§ Task to carry out
An exact copy of all the data is the required output.

§ Records for processing
════

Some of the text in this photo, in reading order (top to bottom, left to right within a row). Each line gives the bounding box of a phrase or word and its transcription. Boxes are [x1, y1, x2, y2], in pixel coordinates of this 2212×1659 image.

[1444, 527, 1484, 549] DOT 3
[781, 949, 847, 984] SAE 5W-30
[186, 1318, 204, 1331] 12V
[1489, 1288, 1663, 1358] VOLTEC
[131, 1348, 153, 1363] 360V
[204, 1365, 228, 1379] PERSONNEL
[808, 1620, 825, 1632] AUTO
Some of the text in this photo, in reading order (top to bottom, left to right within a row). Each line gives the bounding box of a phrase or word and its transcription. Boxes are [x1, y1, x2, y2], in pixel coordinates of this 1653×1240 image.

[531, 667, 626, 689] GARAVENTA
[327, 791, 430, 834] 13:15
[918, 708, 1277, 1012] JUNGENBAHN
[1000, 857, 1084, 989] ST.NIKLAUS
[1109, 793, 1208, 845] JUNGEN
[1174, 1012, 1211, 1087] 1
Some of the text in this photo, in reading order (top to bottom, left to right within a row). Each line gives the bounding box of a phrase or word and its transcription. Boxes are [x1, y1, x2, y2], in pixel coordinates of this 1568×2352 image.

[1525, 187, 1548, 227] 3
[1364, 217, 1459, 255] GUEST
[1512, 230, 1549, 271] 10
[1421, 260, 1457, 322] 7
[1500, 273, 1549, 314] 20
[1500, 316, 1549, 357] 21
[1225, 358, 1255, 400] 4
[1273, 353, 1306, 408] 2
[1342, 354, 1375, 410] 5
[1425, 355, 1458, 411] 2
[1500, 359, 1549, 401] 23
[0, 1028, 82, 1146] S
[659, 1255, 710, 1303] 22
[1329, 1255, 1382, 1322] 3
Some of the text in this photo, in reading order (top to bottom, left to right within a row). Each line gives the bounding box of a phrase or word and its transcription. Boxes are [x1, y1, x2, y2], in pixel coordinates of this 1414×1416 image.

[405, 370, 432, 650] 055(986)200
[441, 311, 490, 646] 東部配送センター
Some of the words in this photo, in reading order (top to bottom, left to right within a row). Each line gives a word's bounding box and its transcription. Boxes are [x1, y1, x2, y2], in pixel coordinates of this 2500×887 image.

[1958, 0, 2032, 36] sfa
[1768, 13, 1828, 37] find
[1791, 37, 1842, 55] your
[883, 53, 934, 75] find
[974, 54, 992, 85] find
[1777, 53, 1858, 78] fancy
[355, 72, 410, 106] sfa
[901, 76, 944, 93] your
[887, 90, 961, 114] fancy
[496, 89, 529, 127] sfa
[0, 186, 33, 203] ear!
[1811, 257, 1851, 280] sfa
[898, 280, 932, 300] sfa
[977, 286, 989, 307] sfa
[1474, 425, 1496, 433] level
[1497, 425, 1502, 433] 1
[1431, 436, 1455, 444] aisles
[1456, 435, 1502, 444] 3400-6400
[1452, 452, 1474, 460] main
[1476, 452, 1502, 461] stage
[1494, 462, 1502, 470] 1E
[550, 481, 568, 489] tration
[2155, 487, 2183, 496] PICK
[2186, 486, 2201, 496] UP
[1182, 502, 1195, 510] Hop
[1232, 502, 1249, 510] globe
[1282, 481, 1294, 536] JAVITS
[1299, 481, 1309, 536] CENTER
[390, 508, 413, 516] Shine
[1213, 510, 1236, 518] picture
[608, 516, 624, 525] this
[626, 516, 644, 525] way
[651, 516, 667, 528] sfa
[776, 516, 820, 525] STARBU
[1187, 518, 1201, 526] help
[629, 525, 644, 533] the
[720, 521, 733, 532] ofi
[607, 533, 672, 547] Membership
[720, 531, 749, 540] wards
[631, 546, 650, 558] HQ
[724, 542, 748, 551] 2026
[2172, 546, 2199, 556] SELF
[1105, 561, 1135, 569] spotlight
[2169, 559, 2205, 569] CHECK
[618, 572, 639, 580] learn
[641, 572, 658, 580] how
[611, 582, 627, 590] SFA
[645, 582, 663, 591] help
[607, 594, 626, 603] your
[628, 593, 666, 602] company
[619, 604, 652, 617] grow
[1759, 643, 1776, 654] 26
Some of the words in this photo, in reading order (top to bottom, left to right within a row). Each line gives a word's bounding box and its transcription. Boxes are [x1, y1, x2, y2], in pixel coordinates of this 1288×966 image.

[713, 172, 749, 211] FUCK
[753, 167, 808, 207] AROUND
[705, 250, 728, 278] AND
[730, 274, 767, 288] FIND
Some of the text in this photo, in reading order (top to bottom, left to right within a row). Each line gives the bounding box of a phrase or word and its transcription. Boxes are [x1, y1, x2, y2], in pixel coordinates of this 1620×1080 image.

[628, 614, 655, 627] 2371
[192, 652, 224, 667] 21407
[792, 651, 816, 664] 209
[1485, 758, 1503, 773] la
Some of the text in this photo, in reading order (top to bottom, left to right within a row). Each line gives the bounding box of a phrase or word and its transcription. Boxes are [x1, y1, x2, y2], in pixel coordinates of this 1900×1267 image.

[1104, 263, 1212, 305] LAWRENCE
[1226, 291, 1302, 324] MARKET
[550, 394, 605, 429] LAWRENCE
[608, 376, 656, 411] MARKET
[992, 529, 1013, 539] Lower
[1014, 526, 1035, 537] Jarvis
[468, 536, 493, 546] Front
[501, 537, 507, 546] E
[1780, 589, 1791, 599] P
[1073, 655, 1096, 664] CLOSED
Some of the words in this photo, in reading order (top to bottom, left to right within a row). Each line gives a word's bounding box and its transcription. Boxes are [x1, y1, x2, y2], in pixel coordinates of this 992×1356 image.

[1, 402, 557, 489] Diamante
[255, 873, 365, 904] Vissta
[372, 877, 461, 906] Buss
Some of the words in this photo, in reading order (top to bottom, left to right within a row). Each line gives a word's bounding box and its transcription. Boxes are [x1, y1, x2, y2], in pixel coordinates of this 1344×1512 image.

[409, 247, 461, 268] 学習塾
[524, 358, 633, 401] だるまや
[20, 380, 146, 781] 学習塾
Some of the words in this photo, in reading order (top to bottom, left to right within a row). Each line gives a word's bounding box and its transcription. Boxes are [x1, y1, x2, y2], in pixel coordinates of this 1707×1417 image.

════

§ The answer
Some of the text in this photo, in reading order (top to bottom, left to right within a row). Each line gives the bounding box of a phrase or word and its transcription. Boxes are [x1, y1, x2, y2], in pixel coordinates of this 2212×1659 image.

[1444, 527, 1484, 549] DOT 3
[781, 949, 847, 984] SAE 5W-30
[186, 1318, 204, 1331] 12V
[1489, 1288, 1663, 1358] VOLTEC
[131, 1348, 153, 1363] 360V
[204, 1365, 228, 1379] PERSONNEL
[808, 1620, 825, 1632] AUTO
Some of the text in this photo, in reading order (top to bottom, left to right within a row). Each line gives the bounding box of a phrase or word and its transcription. Boxes are [x1, y1, x2, y2], in pixel coordinates of this 1653×1240 image.

[531, 667, 626, 689] GARAVENTA
[327, 791, 430, 834] 13:15
[918, 708, 1277, 1012] JUNGENBAHN
[1000, 857, 1084, 989] ST.NIKLAUS
[1109, 793, 1208, 845] JUNGEN
[1174, 1012, 1211, 1087] 1
Some of the text in this photo, in reading order (top to bottom, left to right within a row). Each line gives the bounding box of a phrase or word and its transcription. Boxes are [x1, y1, x2, y2], in pixel coordinates of this 1568×2352 image.

[1525, 187, 1548, 227] 3
[1364, 217, 1459, 255] GUEST
[1512, 230, 1549, 271] 10
[1421, 260, 1457, 322] 7
[1500, 273, 1549, 314] 20
[1500, 316, 1549, 357] 21
[1225, 358, 1255, 400] 4
[1273, 353, 1306, 408] 2
[1342, 354, 1375, 410] 5
[1425, 355, 1458, 411] 2
[1500, 359, 1549, 401] 23
[0, 1028, 82, 1146] S
[659, 1255, 710, 1303] 22
[1329, 1255, 1382, 1322] 3
Some of the text in this photo, in reading order (top to bottom, left to right within a row). Each line gives the bounding box of a phrase or word and its transcription. Boxes are [x1, y1, x2, y2], in pixel coordinates of this 1414×1416 image.

[405, 370, 432, 650] 055(986)200
[441, 311, 490, 646] 東部配送センター
Some of the words in this photo, in reading order (top to bottom, left to right within a row). Each line gives a word's bounding box and its transcription. Boxes are [x1, y1, x2, y2], in pixel coordinates of this 2500×887 image.

[1958, 0, 2032, 36] sfa
[1768, 13, 1828, 37] find
[1791, 37, 1842, 55] your
[883, 53, 934, 75] find
[974, 54, 992, 85] find
[1777, 53, 1858, 78] fancy
[355, 72, 410, 106] sfa
[901, 76, 944, 93] your
[887, 90, 961, 114] fancy
[496, 89, 529, 127] sfa
[0, 186, 33, 203] ear!
[1811, 257, 1851, 280] sfa
[898, 280, 932, 300] sfa
[977, 286, 989, 307] sfa
[1474, 425, 1496, 433] level
[1497, 425, 1502, 433] 1
[1431, 436, 1455, 444] aisles
[1456, 435, 1502, 444] 3400-6400
[1452, 452, 1474, 460] main
[1476, 452, 1502, 461] stage
[1494, 462, 1502, 470] 1E
[550, 481, 568, 489] tration
[2155, 487, 2183, 496] PICK
[2186, 486, 2201, 496] UP
[1182, 502, 1195, 510] Hop
[1232, 502, 1249, 510] globe
[1282, 481, 1294, 536] JAVITS
[1299, 481, 1309, 536] CENTER
[390, 508, 413, 516] Shine
[1213, 510, 1236, 518] picture
[608, 516, 624, 525] this
[626, 516, 644, 525] way
[651, 516, 667, 528] sfa
[776, 516, 820, 525] STARBU
[1187, 518, 1201, 526] help
[629, 525, 644, 533] the
[720, 521, 733, 532] ofi
[607, 533, 672, 547] Membership
[720, 531, 749, 540] wards
[631, 546, 650, 558] HQ
[724, 542, 748, 551] 2026
[2172, 546, 2199, 556] SELF
[1105, 561, 1135, 569] spotlight
[2169, 559, 2205, 569] CHECK
[618, 572, 639, 580] learn
[641, 572, 658, 580] how
[611, 582, 627, 590] SFA
[645, 582, 663, 591] help
[607, 594, 626, 603] your
[628, 593, 666, 602] company
[619, 604, 652, 617] grow
[1759, 643, 1776, 654] 26
Some of the words in this photo, in reading order (top to bottom, left to right within a row). Each line gives a word's bounding box and its transcription. Boxes are [x1, y1, x2, y2], in pixel coordinates of this 1288×966 image.

[713, 172, 749, 211] FUCK
[753, 167, 808, 207] AROUND
[705, 250, 728, 278] AND
[730, 274, 767, 288] FIND
Some of the text in this photo, in reading order (top to bottom, left to right within a row). Each line gives the bounding box of a phrase or word and its transcription. Boxes are [x1, y1, x2, y2], in pixel coordinates of this 1620×1080 image.

[628, 614, 655, 627] 2371
[192, 652, 224, 667] 21407
[792, 651, 816, 664] 209
[1485, 758, 1503, 773] la
Some of the text in this photo, in reading order (top to bottom, left to right within a row). Each line gives the bounding box of a phrase or word and its transcription. Boxes are [x1, y1, x2, y2], in pixel coordinates of this 1900×1267 image.

[1104, 263, 1212, 305] LAWRENCE
[1226, 291, 1302, 324] MARKET
[550, 394, 605, 429] LAWRENCE
[608, 376, 656, 411] MARKET
[992, 529, 1013, 539] Lower
[1014, 526, 1035, 537] Jarvis
[468, 536, 493, 546] Front
[501, 537, 507, 546] E
[1780, 589, 1791, 599] P
[1073, 655, 1096, 664] CLOSED
Some of the words in this photo, in reading order (top to bottom, left to right within a row). Each line gives a word's bounding box and its transcription. Boxes are [x1, y1, x2, y2], in pixel coordinates of this 992×1356 image.

[1, 402, 557, 489] Diamante
[255, 873, 365, 904] Vissta
[372, 877, 461, 906] Buss
Some of the words in this photo, in reading order (top to bottom, left to right within a row). Each line gives a word's bounding box and its transcription. Boxes are [x1, y1, x2, y2], in pixel coordinates of this 1344×1512 image.

[409, 247, 461, 268] 学習塾
[524, 358, 633, 401] だるまや
[20, 380, 146, 781] 学習塾
Some of the words in this photo, in reading order (top to bottom, left to right within a row). Each line gives a word's bounding box and its transcription. Boxes are [x1, y1, x2, y2], in pixel coordinates of this 1707×1417 image.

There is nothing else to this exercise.